#### Brief:
Exactly as written, return the entries below, minus any pictures.

──────────

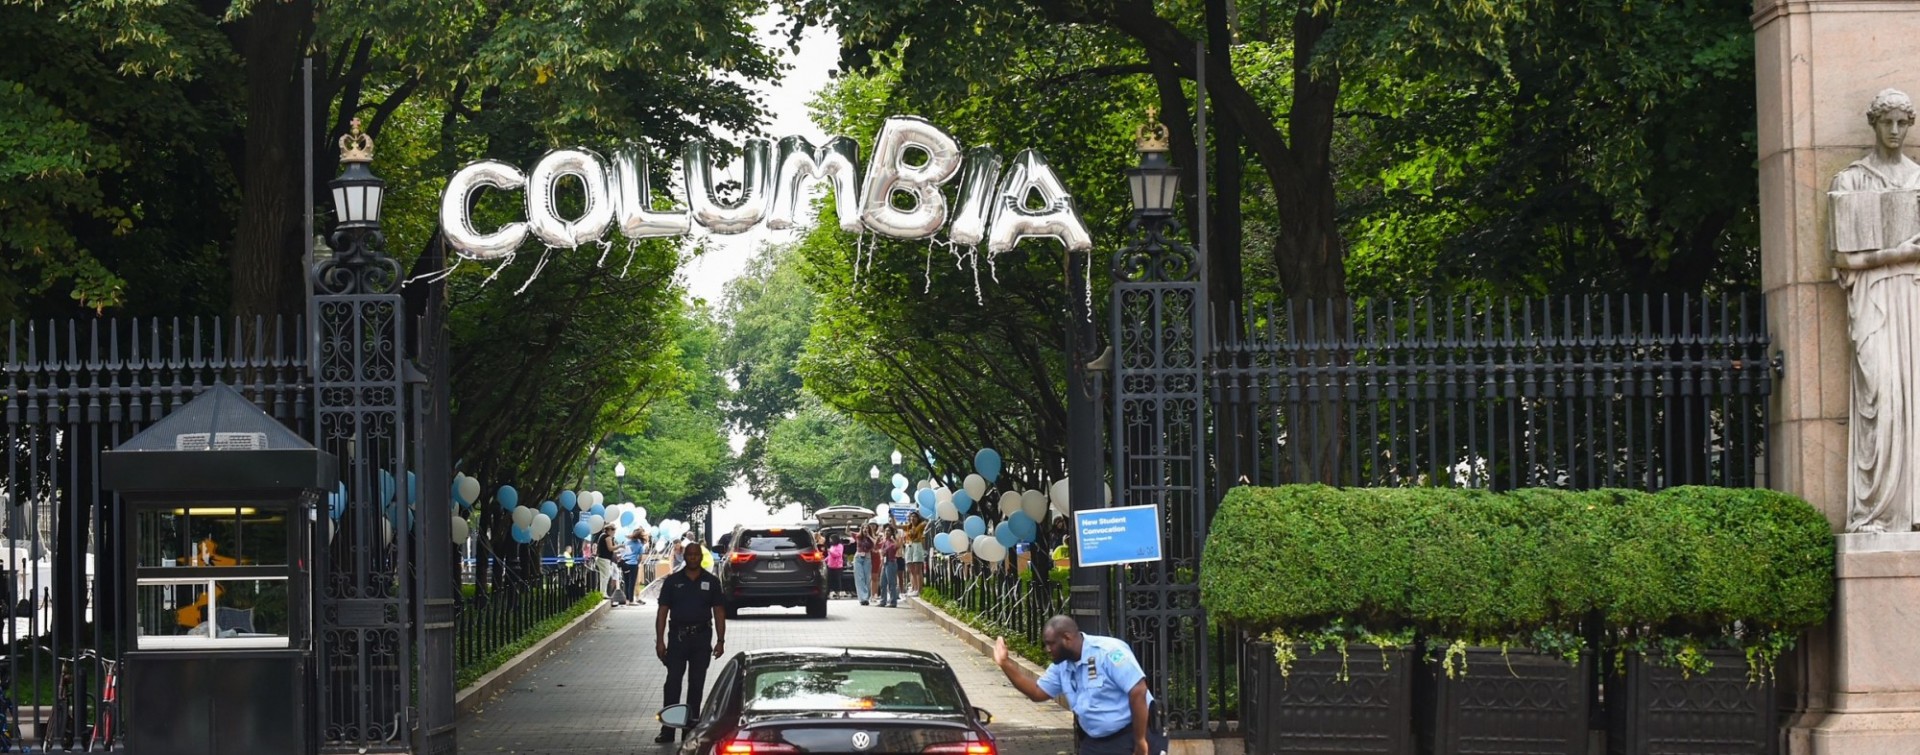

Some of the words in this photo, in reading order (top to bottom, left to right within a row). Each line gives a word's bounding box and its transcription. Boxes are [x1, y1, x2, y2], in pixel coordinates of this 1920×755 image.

[441, 116, 1092, 260] COLUMBIA
[1099, 517, 1126, 525] Student
[1083, 526, 1126, 535] Convocation
[852, 732, 870, 749] VW

──────────

#### Result below:
Some of the words in this photo, in reading order (top to bottom, left to right within a row). Each line gives a word's bounding box and its transcription. Boxes are [x1, y1, x2, y2], in pixel coordinates of this 1920×755 image.

[441, 116, 1092, 260] COLUMBIA
[1099, 517, 1126, 525] Student
[1083, 526, 1126, 535] Convocation
[852, 732, 870, 749] VW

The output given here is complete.